■ SOURCE INFORMATION

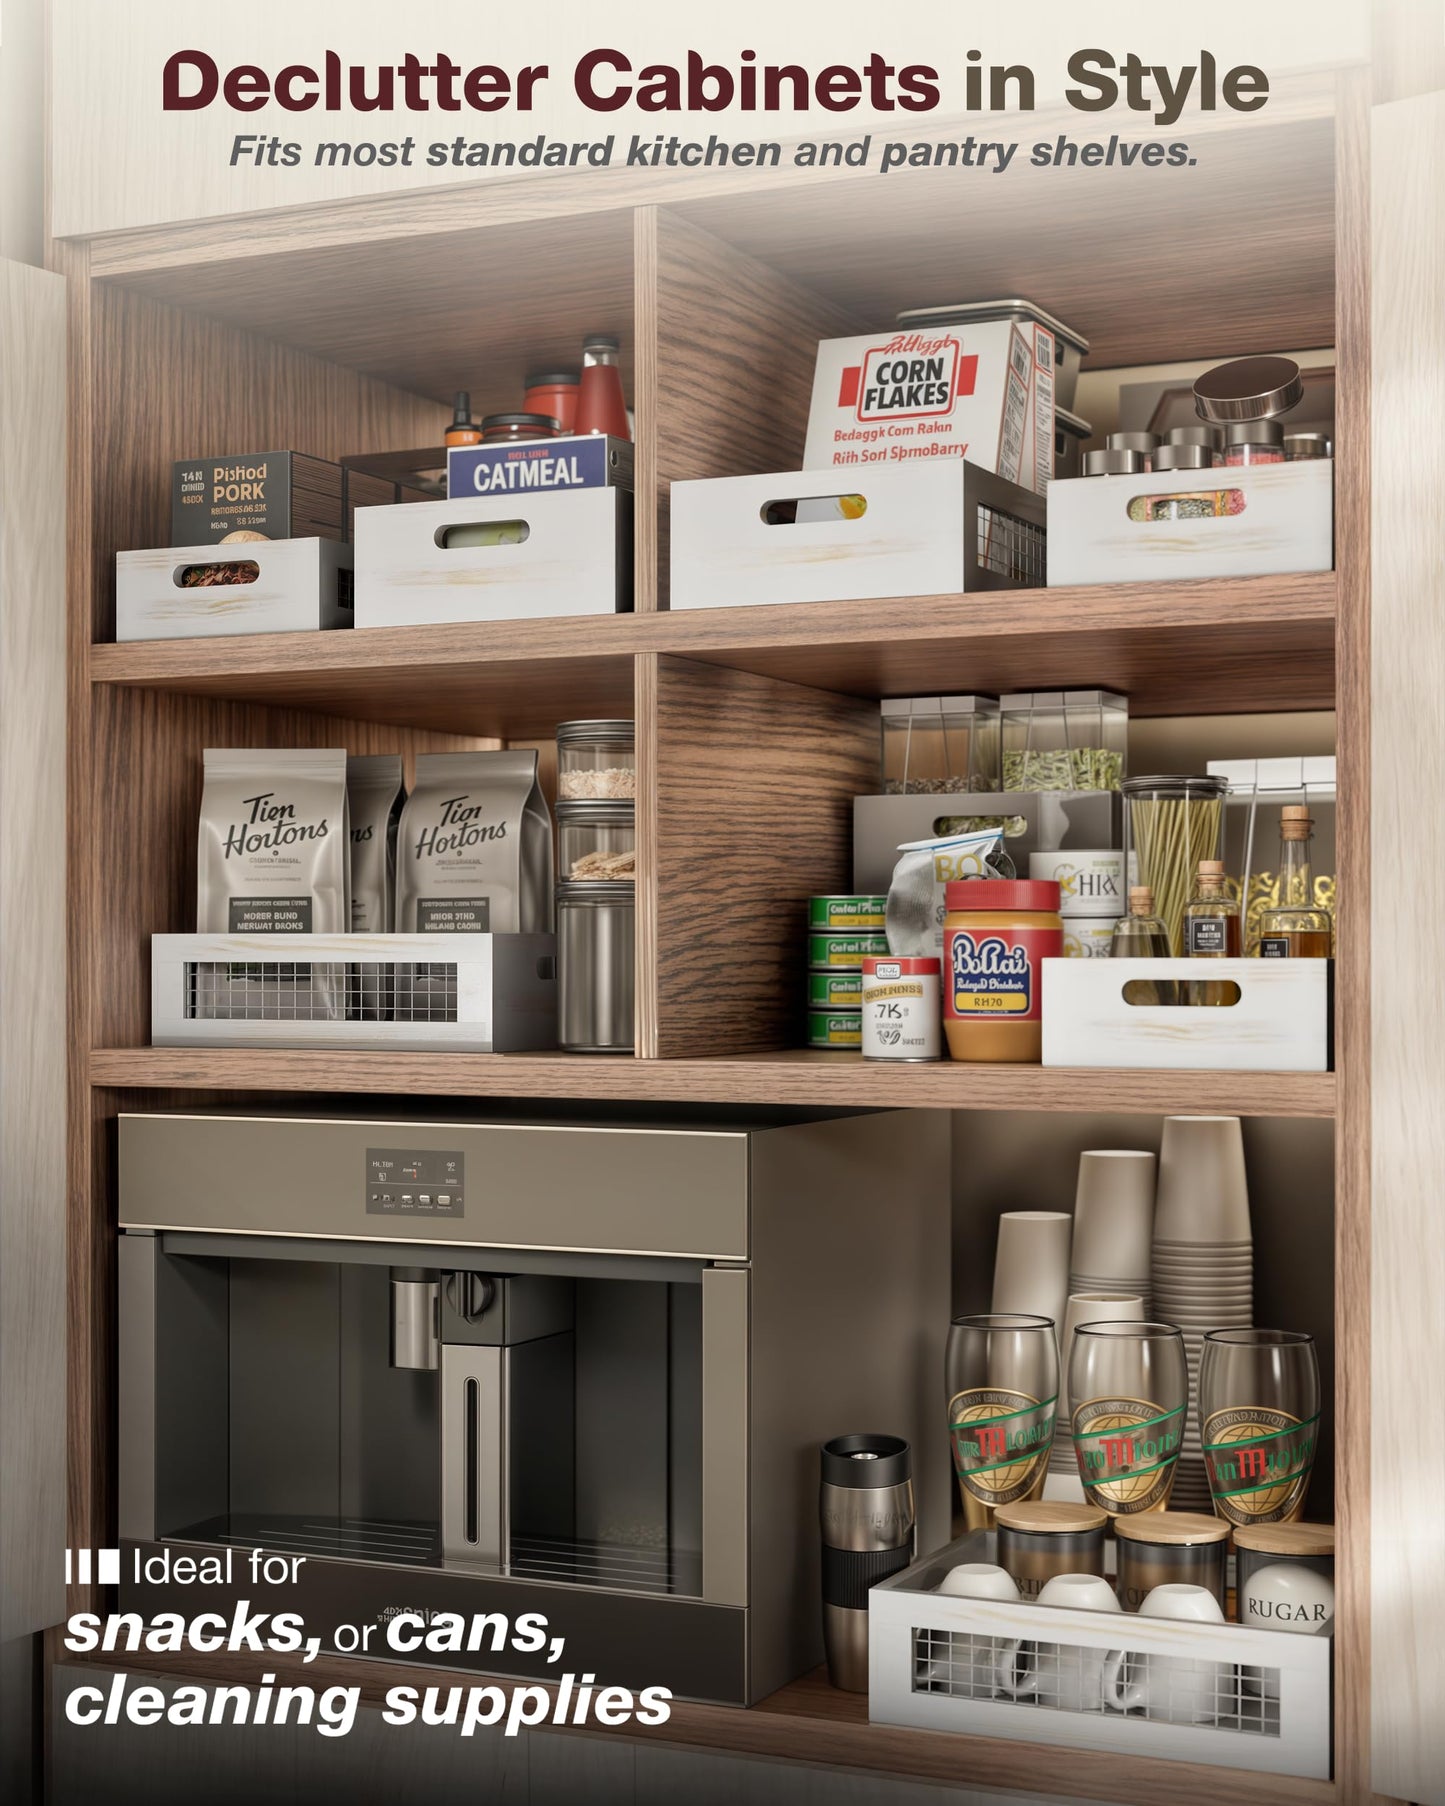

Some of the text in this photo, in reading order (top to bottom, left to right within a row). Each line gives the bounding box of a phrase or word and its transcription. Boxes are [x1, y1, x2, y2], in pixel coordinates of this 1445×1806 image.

[876, 357, 944, 386] CORN
[864, 381, 949, 411] FLAKES
[473, 456, 585, 492] CATMEAL
[213, 481, 265, 503] PORK
[222, 819, 329, 859] Hortons
[415, 821, 507, 860] Hortons
[1249, 1598, 1328, 1622] RUGAR
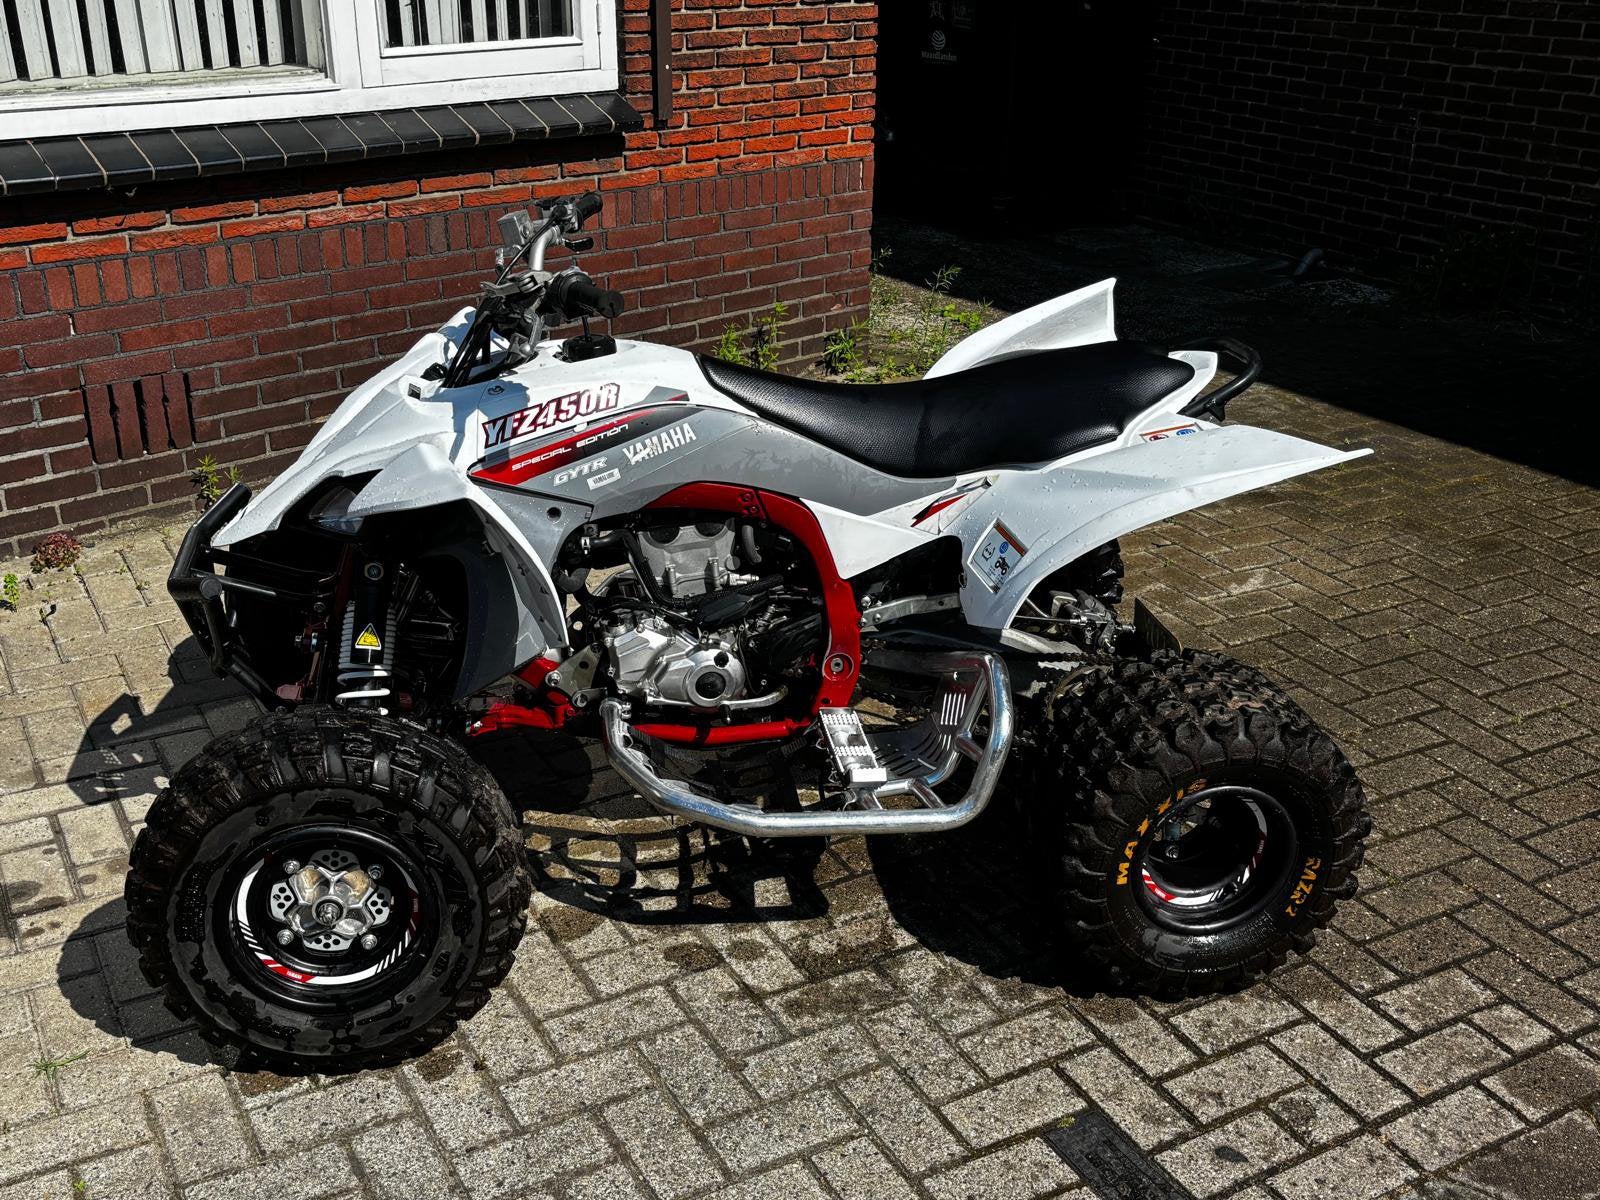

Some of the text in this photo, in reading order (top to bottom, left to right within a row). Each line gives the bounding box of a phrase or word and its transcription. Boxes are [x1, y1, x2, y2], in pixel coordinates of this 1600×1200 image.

[482, 382, 621, 448] YFZ450R
[511, 423, 629, 471] SPECIAL EDITION
[622, 422, 697, 466] YAMAHA
[553, 456, 608, 486] GYTR
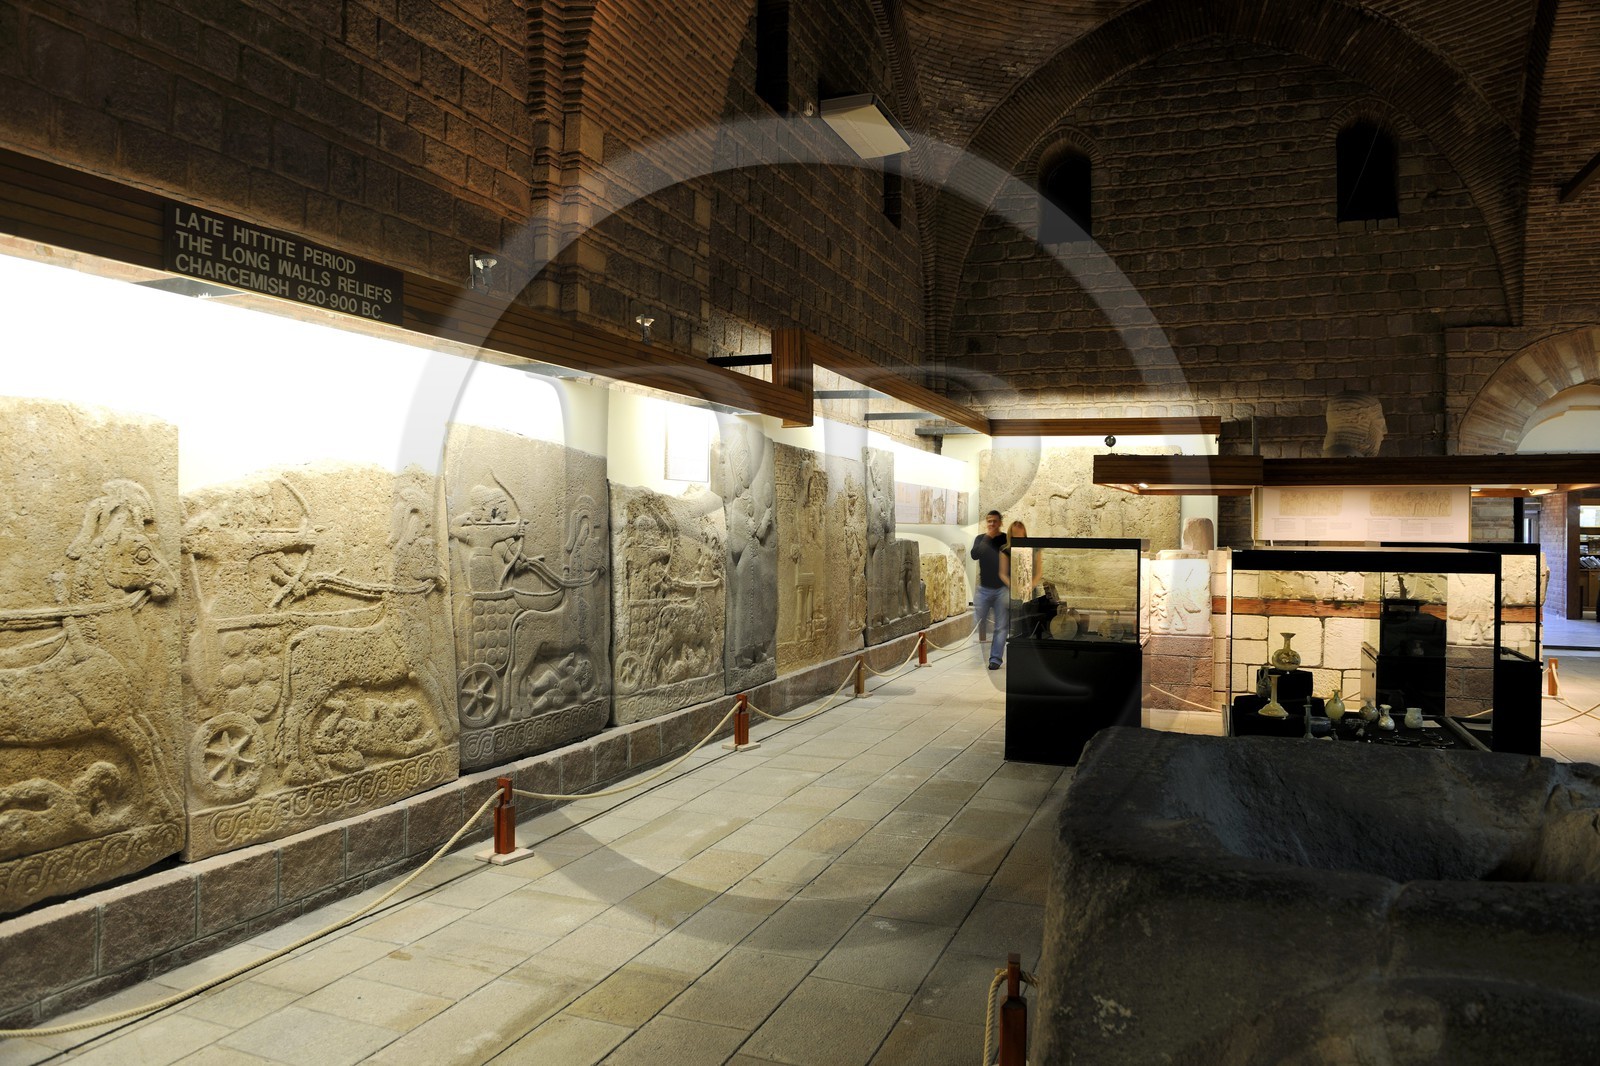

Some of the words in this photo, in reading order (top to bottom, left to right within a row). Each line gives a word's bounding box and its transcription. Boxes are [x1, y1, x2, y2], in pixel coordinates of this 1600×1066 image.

■ TASK PROMPT
Reproduce the listing above exactly, but skip the pictures.

■ EXPECTED ANSWER
Some of the text in this photo, in reading order (top to bottom, left to right within a row). Each line gives the bounding box of a phrase or word and its transcription. Boxes are [x1, y1, x2, y2], in pixel coordinates of this 1445×1806 image.

[876, 357, 944, 386] CORN
[864, 381, 949, 411] FLAKES
[473, 456, 585, 492] CATMEAL
[213, 481, 265, 503] PORK
[222, 819, 329, 859] Hortons
[415, 821, 507, 860] Hortons
[1249, 1598, 1328, 1622] RUGAR

Some of the text in this photo, in reading order (top to bottom, left to right within a row). Each line gives the bounding box of a phrase or word and its transcription. Boxes are [x1, y1, x2, y2], in pixel coordinates of this 1600×1200 image.

[482, 382, 621, 448] YFZ450R
[511, 423, 629, 471] SPECIAL EDITION
[622, 422, 697, 466] YAMAHA
[553, 456, 608, 486] GYTR

Some of the words in this photo, in reading order (top to bottom, left to right within a row). Each line gives a word's bounding box and its transcription. Boxes are [x1, y1, x2, y2], in pixel coordinates of this 1600×1066 image.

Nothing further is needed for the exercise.